A report out last  month in the States ‘Incomplete: How Middle Class Schools Aren’t Making the Grade from Third Way, a Washington, D.C.-based policy think tank, aims to convince parents,  taxpayers and policymakers that they should be as concerned about ‘ middle-class schools’  not  making the grade as they are about the failures of the nation’s large, poor, urban school districts. The report found alarmingly  that  one in four graduates from a typical middle-class high school currently fails to earn  a college degree.

In short, middle-class students are underperforming and underachieving. Yet, they  seem to be forgotten in the current policy debate which focuses mainly on schools and students in poor neighbourhoods. The report states ‘Our findings show that middle-class schools seem to be forgotten in the education debate. There is a paucity of academic literature on their performance, expectations, and on ideas for reform. Yet, they produce the students who are the backbone of the U.S. economy. Among parents of school-aged kids in middle-class jurisdictions, there is a strong belief that these schools are educating students at the highest levels.
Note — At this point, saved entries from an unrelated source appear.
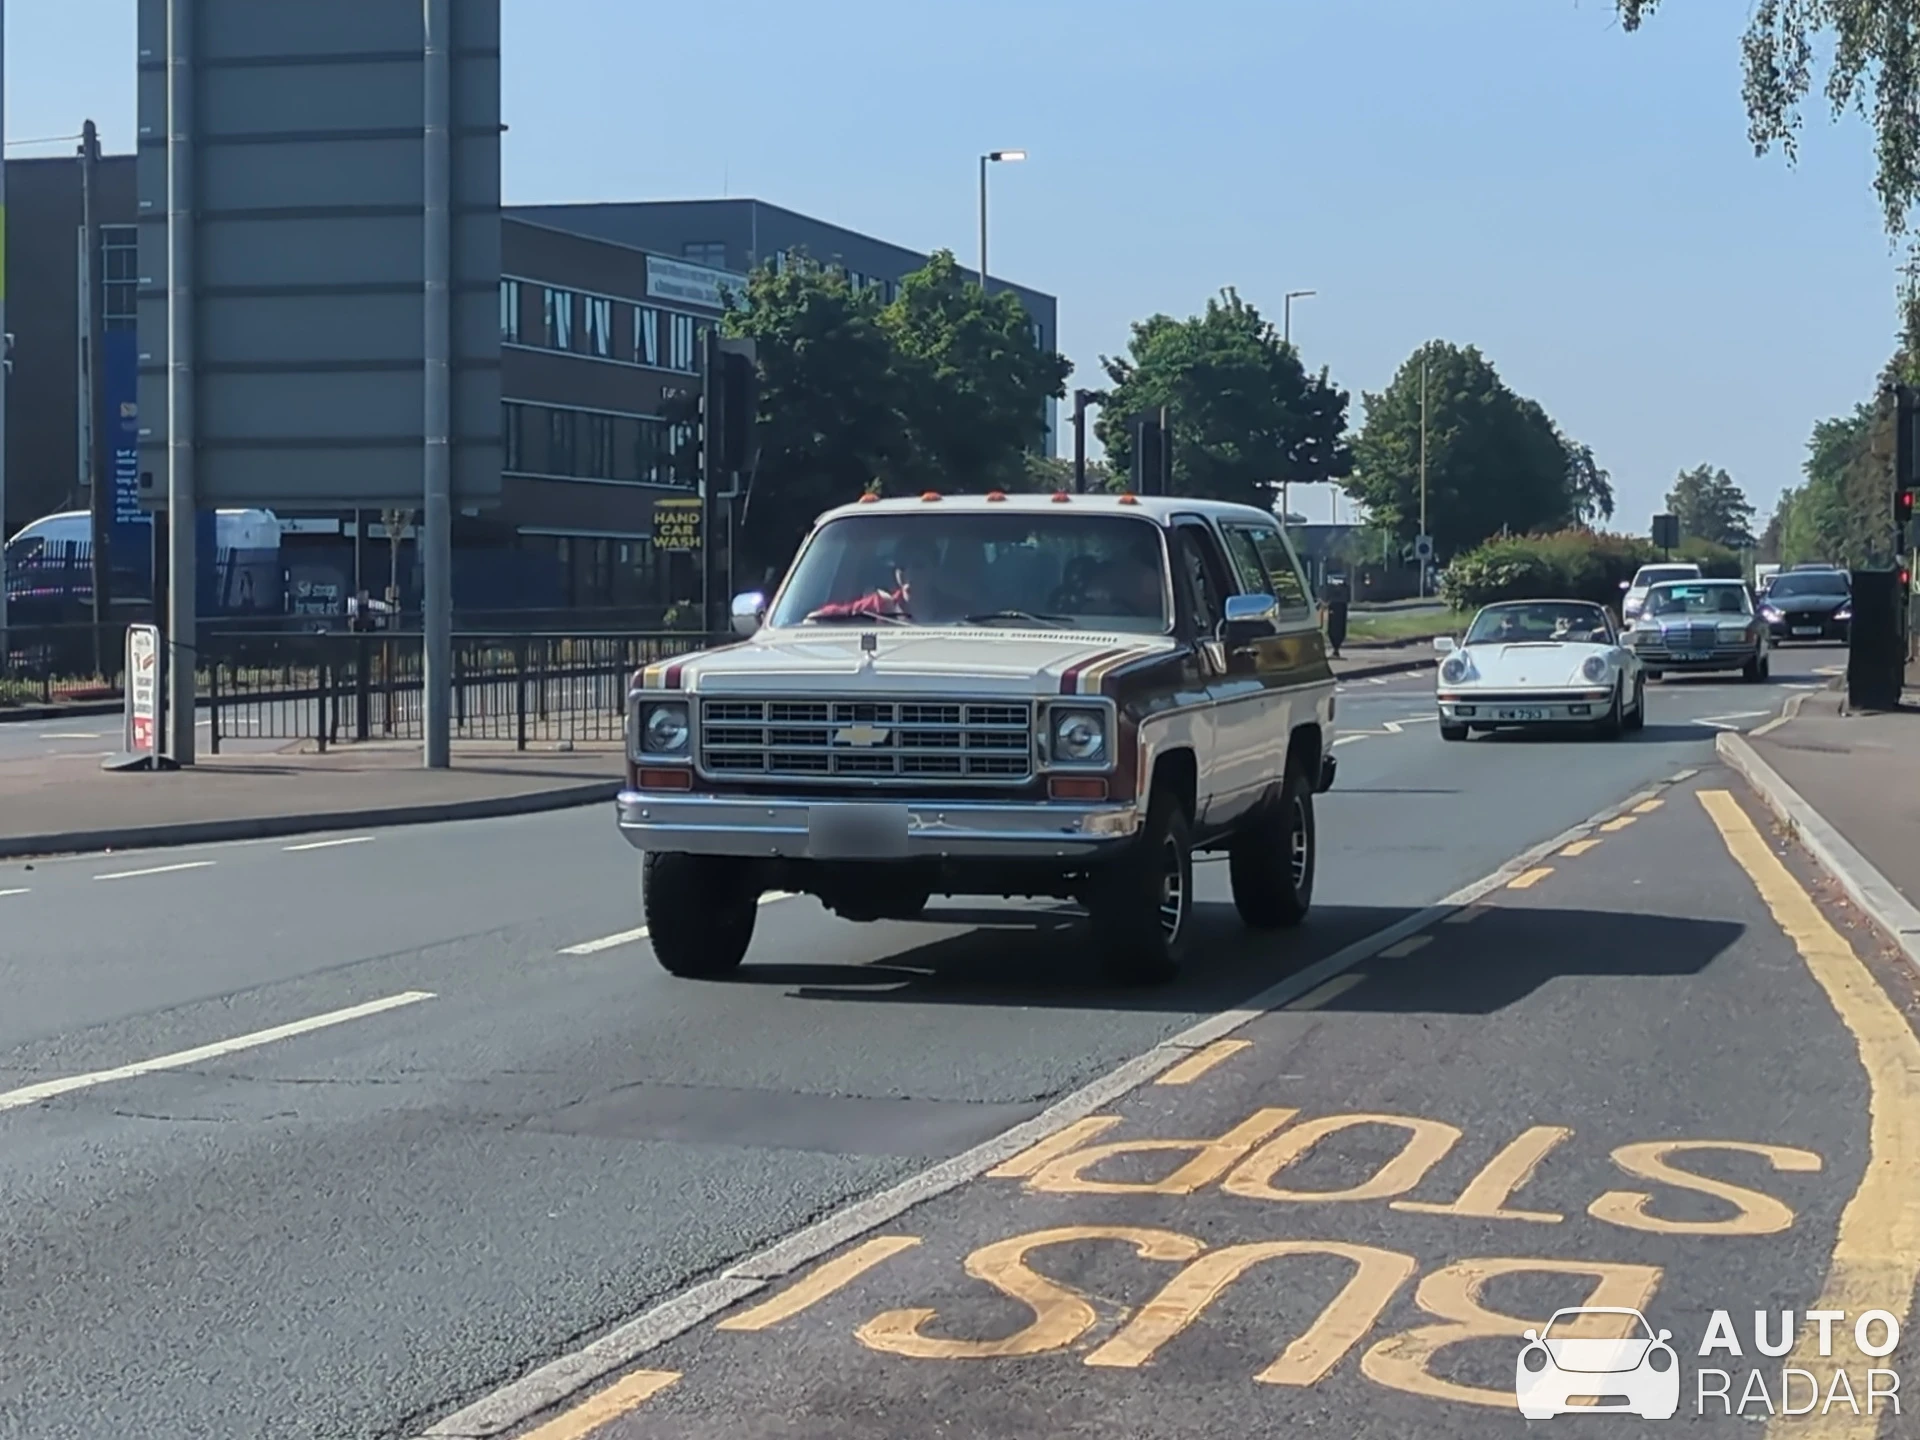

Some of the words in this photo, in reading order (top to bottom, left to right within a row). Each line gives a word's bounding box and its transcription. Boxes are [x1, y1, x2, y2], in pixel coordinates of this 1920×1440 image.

[654, 512, 700, 524] HAND
[660, 524, 693, 536] CAR
[653, 536, 701, 548] WASH
[1026, 1107, 1822, 1235] STOP
[853, 1226, 1662, 1408] BUS
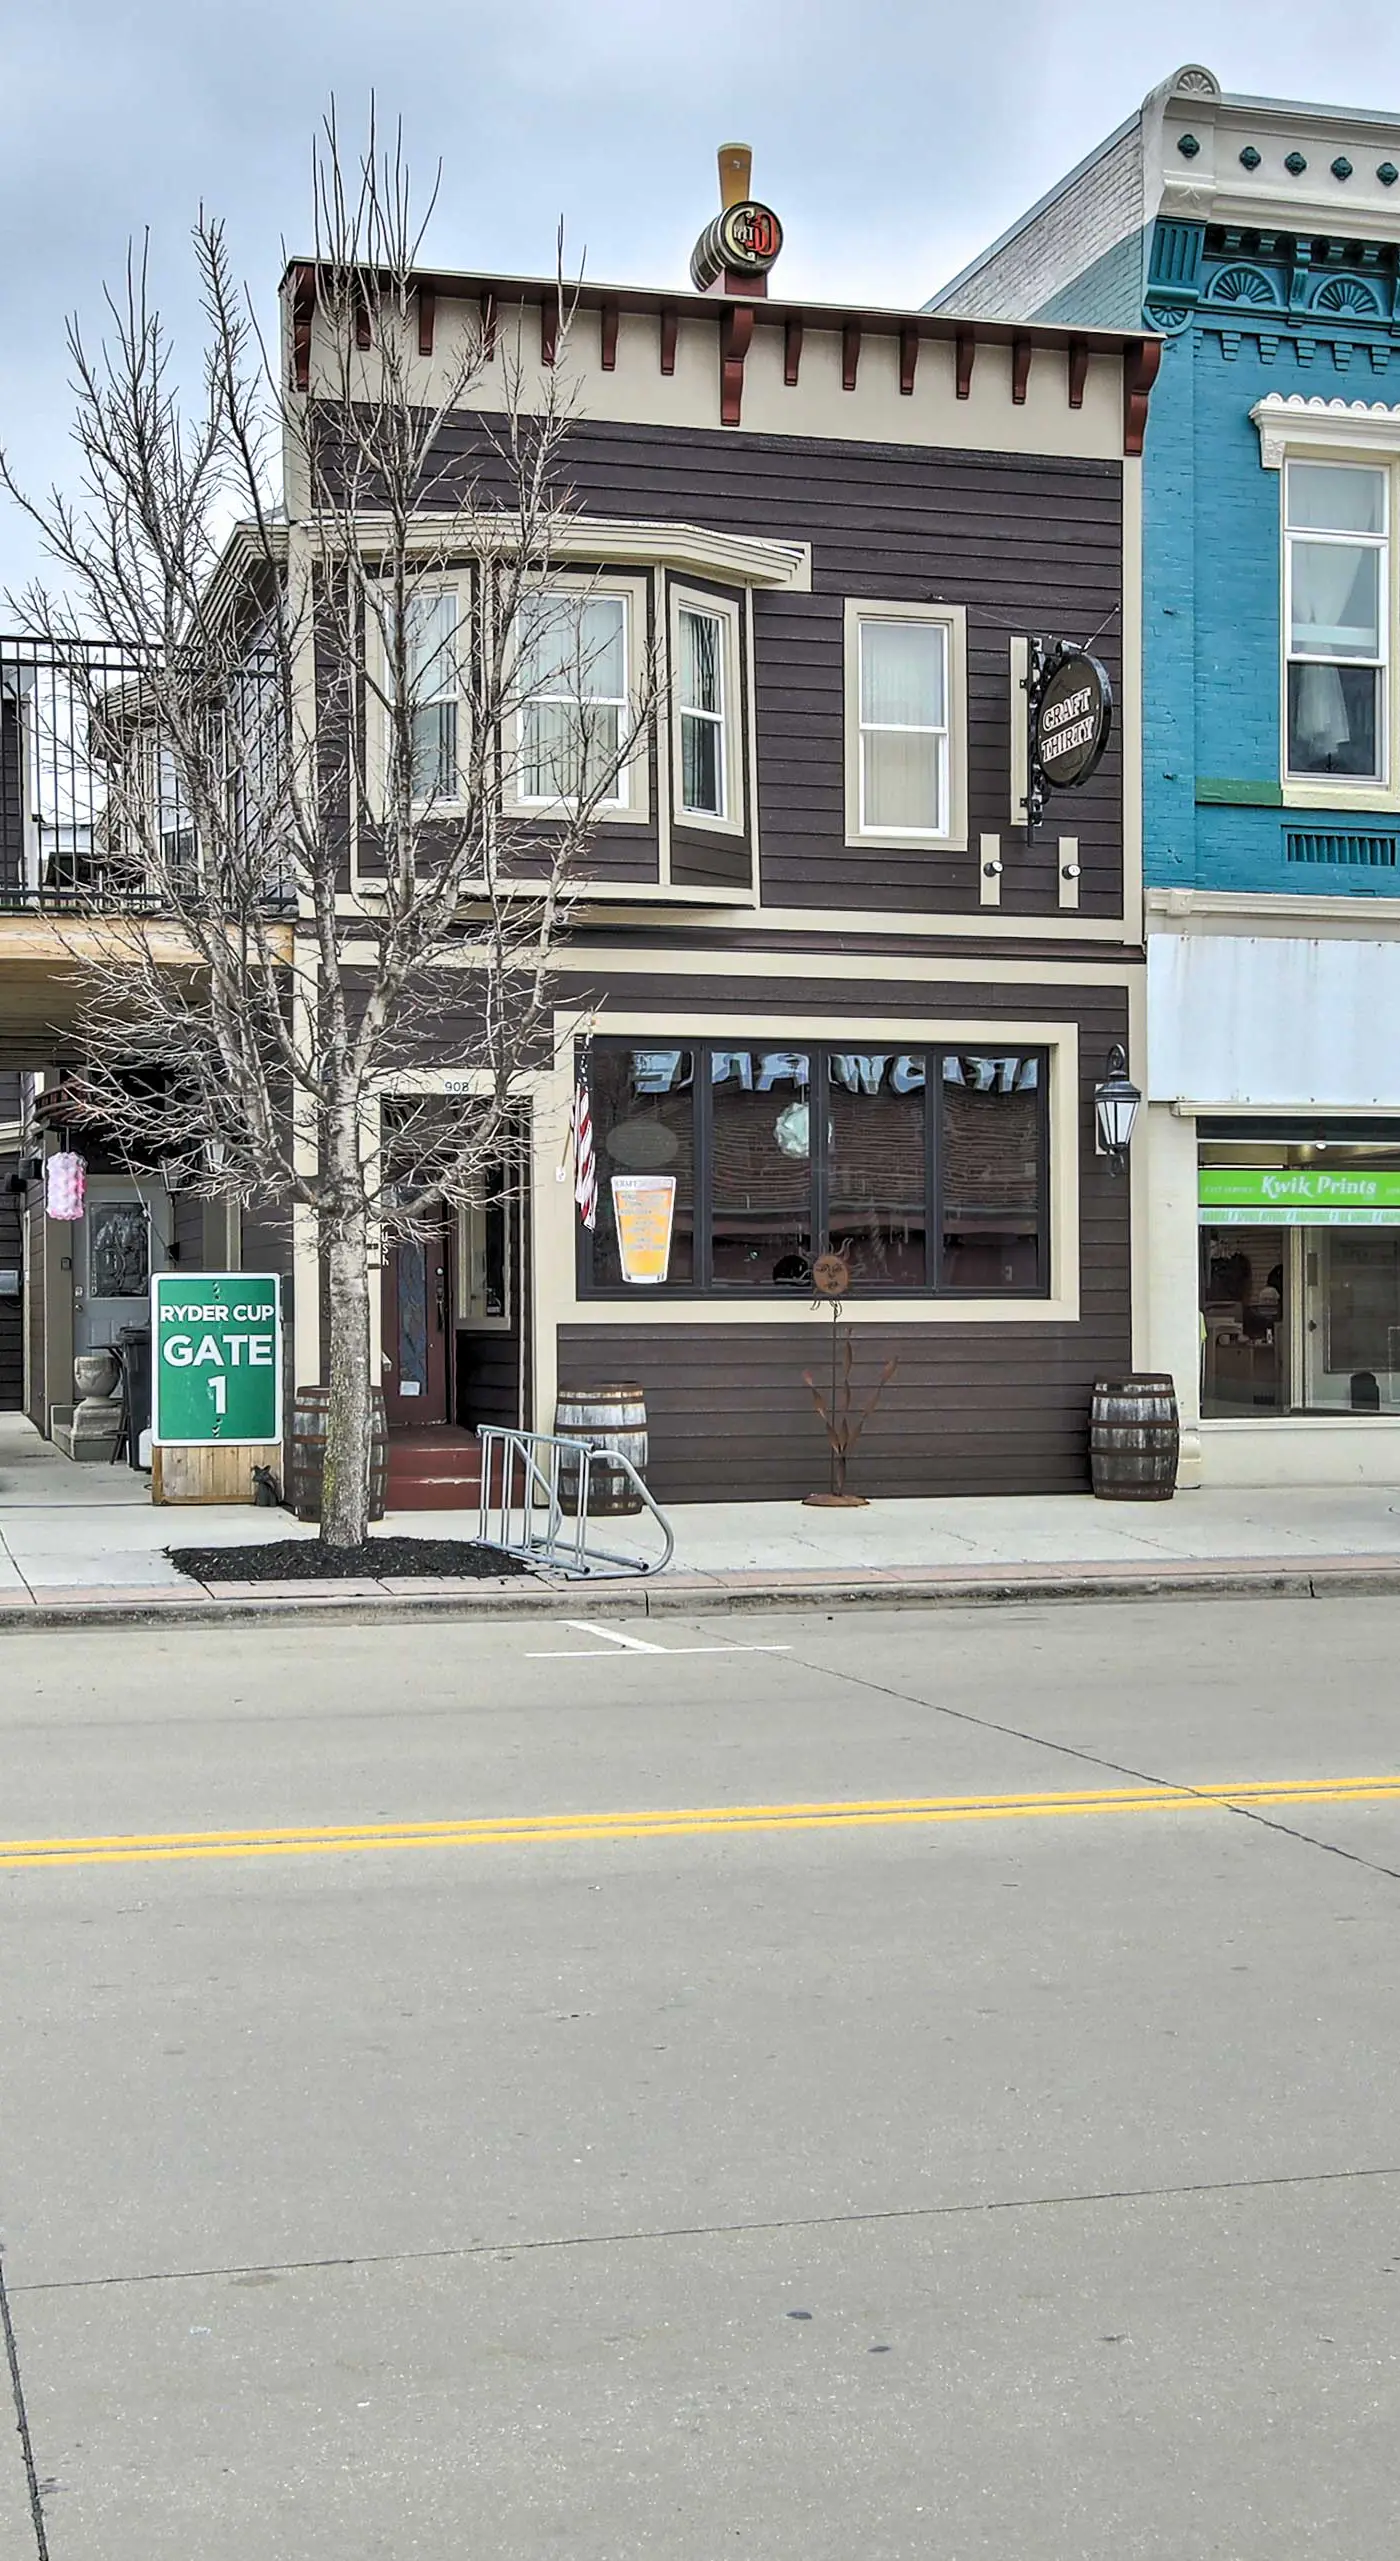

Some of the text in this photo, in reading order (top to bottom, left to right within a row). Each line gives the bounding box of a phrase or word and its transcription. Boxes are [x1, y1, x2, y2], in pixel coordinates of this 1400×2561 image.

[1042, 686, 1091, 732] CRAFT
[1041, 715, 1095, 763] THIRTY
[445, 1081, 469, 1092] 908
[1260, 1175, 1316, 1199] Kwik
[1317, 1176, 1377, 1195] Prints
[160, 1305, 275, 1322] RYDER CUP
[163, 1334, 273, 1367] GATE
[207, 1375, 227, 1414] 1
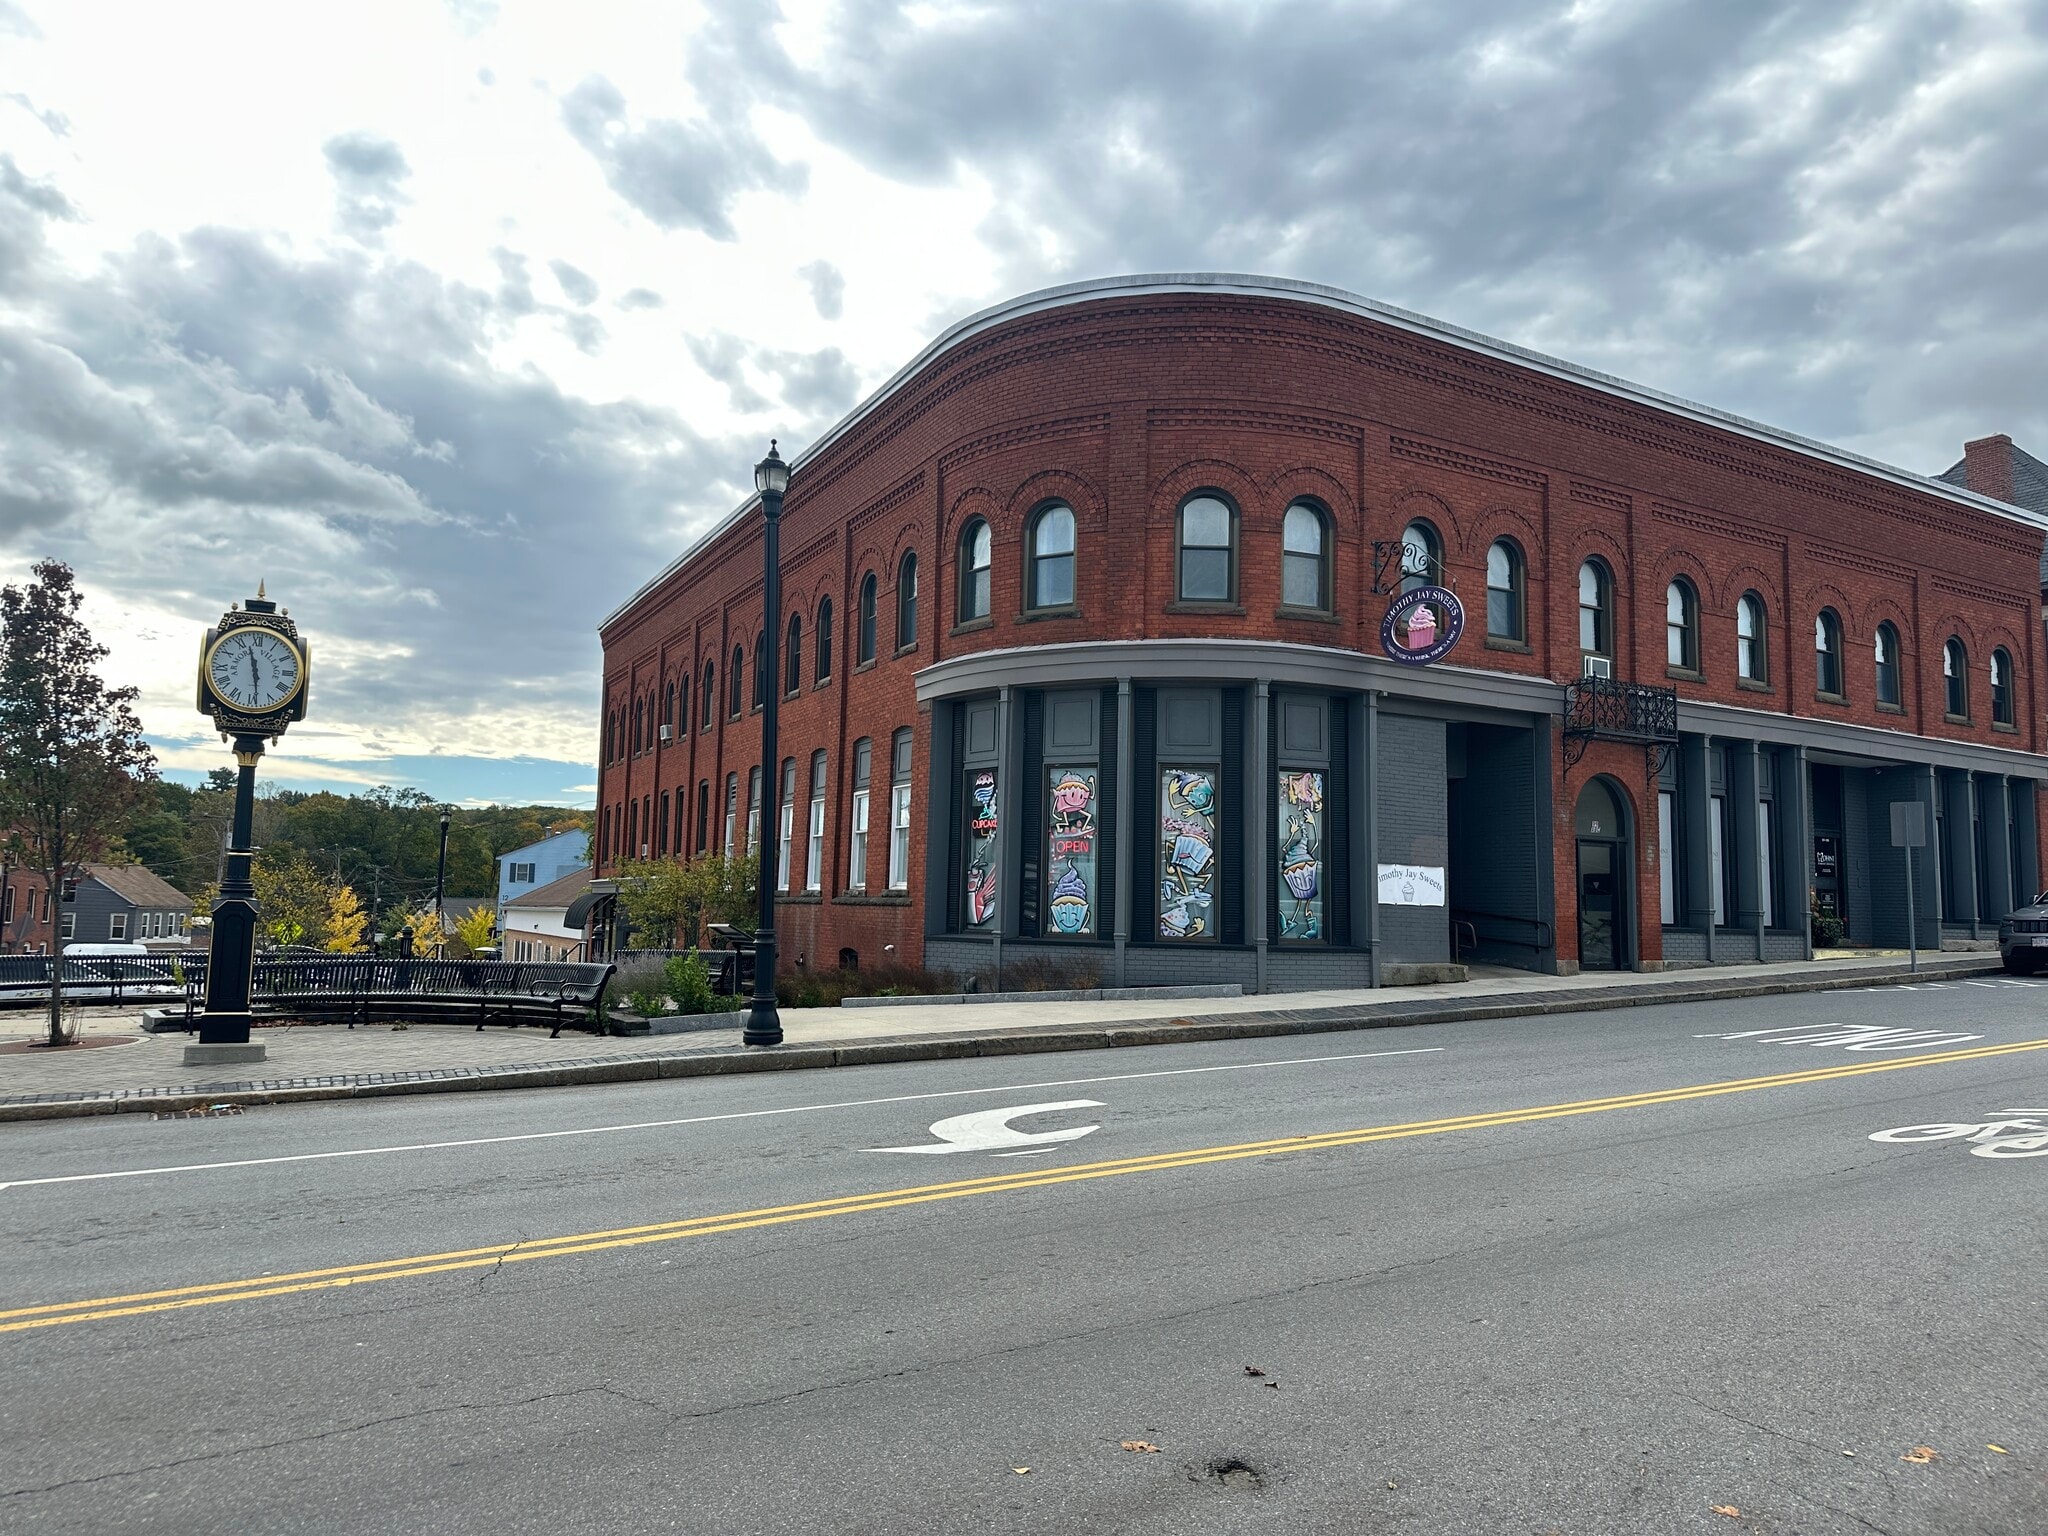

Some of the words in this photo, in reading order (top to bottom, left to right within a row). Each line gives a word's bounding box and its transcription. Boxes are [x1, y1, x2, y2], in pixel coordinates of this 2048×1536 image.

More than seven  in  ten parents with children  in public schools grade their kids’ schools as either an A or a B, and nine in  ten parents of school-age children expect their kids to go to college.  But that is far from the reality. The charge is that  Middle-class schools are falling short on their most basic 21st century mission: to prepare kids to get a college degree.’   The blurb says that the ‘report should be a national wake-up call to improve and modernize middle-class schools.’

But it has sparked controversy.  Firstly in the way the report classifies a middle class school. It is a school where the share of children qualifying for free or reduced-priced lunch falls between 25% and 75% .However, this classification includes as middle class some of the poorest urban centres in the country, such as Detroit and Philadelphia.  While the report concludes, for instance, that middle-class schools perform much less well than the general public schools, parents and taxpayers believe they do , and the tables throughout the report  seem to show that the schools they classify as ―middle  class-  fall precisely where one would expect them to in performance terms — err.. in the middle—between higher- and lower income schools.